Londra Con le prossime elezioni politiche in programma il 4 marzo, i candidati principali stanno scaldando i muscoli in vista delle dure otto settimane di campagna. Ci si attende un esito confuso e inconclusivo, ma una cosa pare ormai chiara: il battistrada potrebbe non essere uno dei due velocisti di 31 o 42 anni alla guida dei due partiti principali, bensì, piuttosto un maratoneta di 81 anni.
Sì, per quanto scioccante sia la notizia, il kingmaker di queste elezioni potrebbe non essere altri che Silvio Berlusconi, il tre volte primo ministro che ha reso celebre l'espressione «partito del bunga-bunga». Berlusconi, che in maniera infamante abbandonò il ruolo di primo ministro per l'ultima volta nel 2011, quando la crisi del debito sovrano dell'area euro minacciava di travolgere l'Italia, non può aspirare a un quarto mandato o a qualsiasi altra carica pubblica a causa di una condanna per frode fiscale del 2013, eppure la coalizione di centrodestra da lui guidata è quella che affronterà le elezioni con lo slancio maggiore.
Anche le ultime elezioni politiche svoltesi in Italia nel 2013 si sono rivelate confuse e inconcludenti. Da allora, il paese è stato governato da coalizioni guidate dal Partito Democratico (Pd) di centrosinistra. E, ora che si sta per aprire la campagna elettorale, l'Italia sta vivendo il momento di crescita economica più rapida da oltre un decennio a questa parte, per quanto la disoccupazione resti ostinatamente alta, attestandosi su una soglia superiore all'11% (e intorno al 35% per quanto attiene ai lavoratori più giovani). Eppure, tutto questo non sta aiutando il Pd.
Nello svolgimento del ruolo di primo ministro, dal febbraio 2014 al dicembre 2016, Matteo Renzi, il giovane e carismatico leader del Pd, si autodefinì un rottamatore che avrebbe smantellato i vecchi sistemi dell'establishment politico. Però, andò a finire che furono più le persone che si alienò rispetto a quelle su cui fece colpo. Il suo successo più distintivo fu una serie di leggi volte a riformare lo sclerotico mercato italiano del lavoro: di certo, non provvedimenti in grado di guadagnare voti. Dopo il momento di massimo splendore del 2015, con il 40% dei suffragi nella tornata elettorale per il Parlamento Europeo, il sostegno del Pd è scivolato a un mero 20-25% e l'ala sinistra del partito si è staccata.

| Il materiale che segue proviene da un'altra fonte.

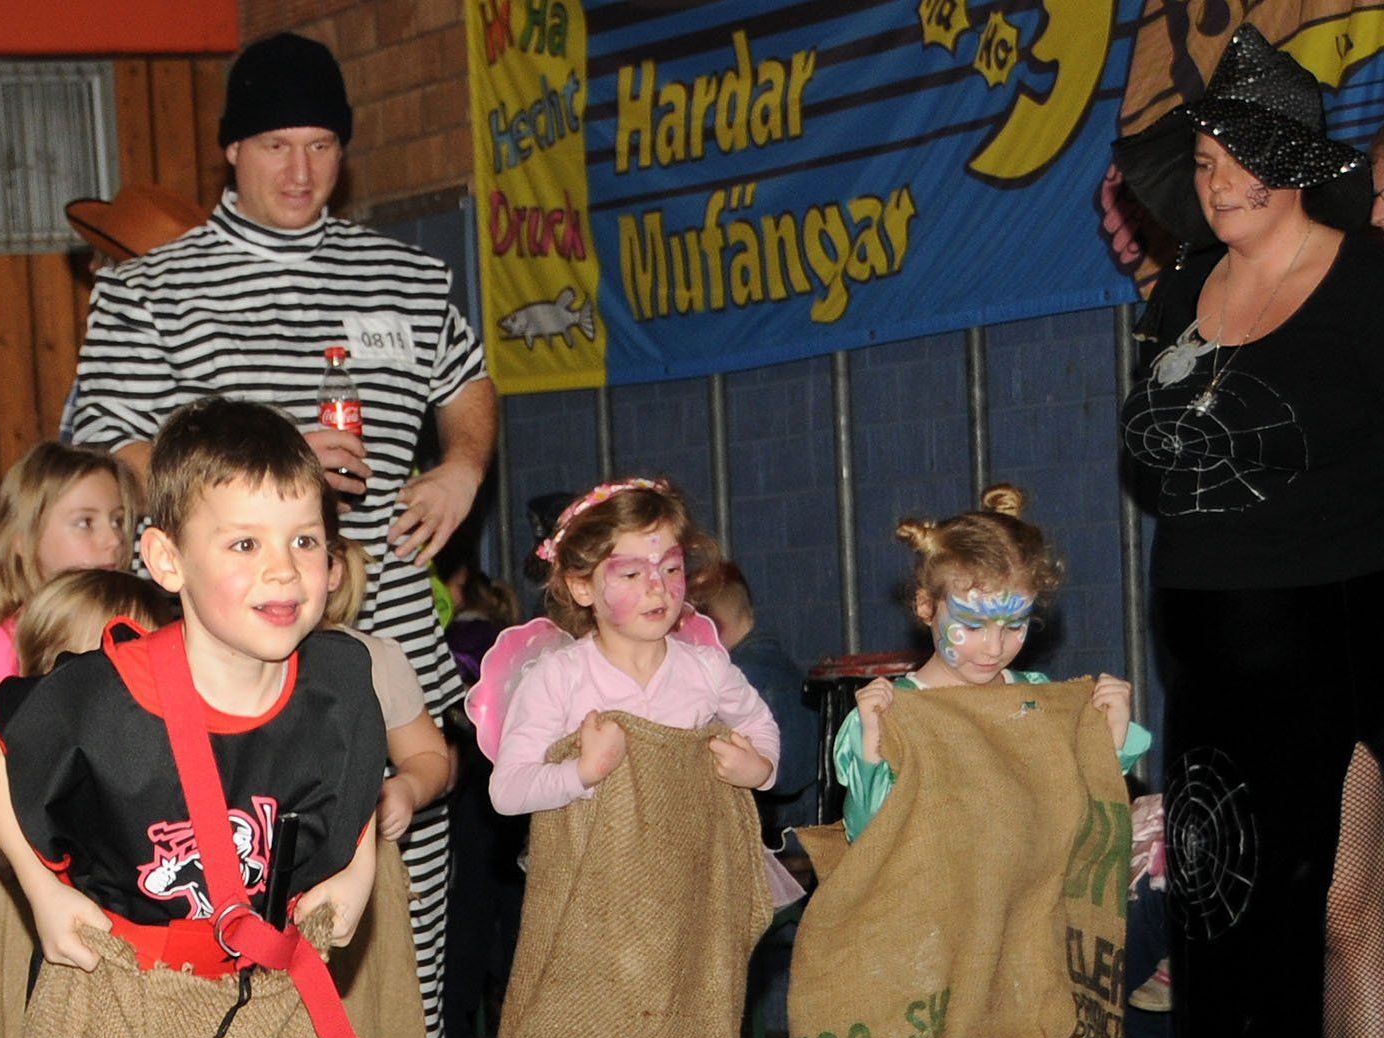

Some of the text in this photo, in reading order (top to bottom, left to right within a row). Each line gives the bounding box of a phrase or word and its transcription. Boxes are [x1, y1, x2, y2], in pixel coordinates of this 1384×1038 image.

[487, 68, 580, 174] Hecht
[615, 29, 817, 174] Hardar
[489, 188, 587, 262] Druck
[617, 183, 916, 323] Mufängar

Oggi, il partito in testa ai sondaggi di opinione è il Movimento 5 Stelle (M5s), una forza ribelle e populista guidata dal comico Beppe Grillo (per quanto il suo candidato ufficiale al ruolo di primo ministro sia un trentunenne privo di esperienza, Luigi Di Maio). L'M5s è maturato dalla sua fondazione, avvenuta cinque anni fa, quando il suo messaggio centrale si riassumeva nell'espressione «Al diavolo tutti quanti». Da allora, ha moderato la sua opposizione all'euro. E, con un sostegno intorno al 26-29%, resta popolare, malgrado gli scarsi risultati nell'amministrazione del comune di Roma.
Il problema dell'M5s è che, a causa della nuova legge elettorale, dovrà aggiudicarsi grosso modo il 40% dei voti totali per assicurarsi una maggioranza parlamentare. Anche se la rappresentanza proporzionale determinerà due terzi dei seggi nella camera bassa, un terzo verrà deciso dal sistema uninominale secco nei collegi elettorali uninominali, dove è probabile che l'M5s abbia la peggio perché non è disposto a formare le alleanze elettorali necessarie ad assicurarsi le maggioranze né è in grado di farlo.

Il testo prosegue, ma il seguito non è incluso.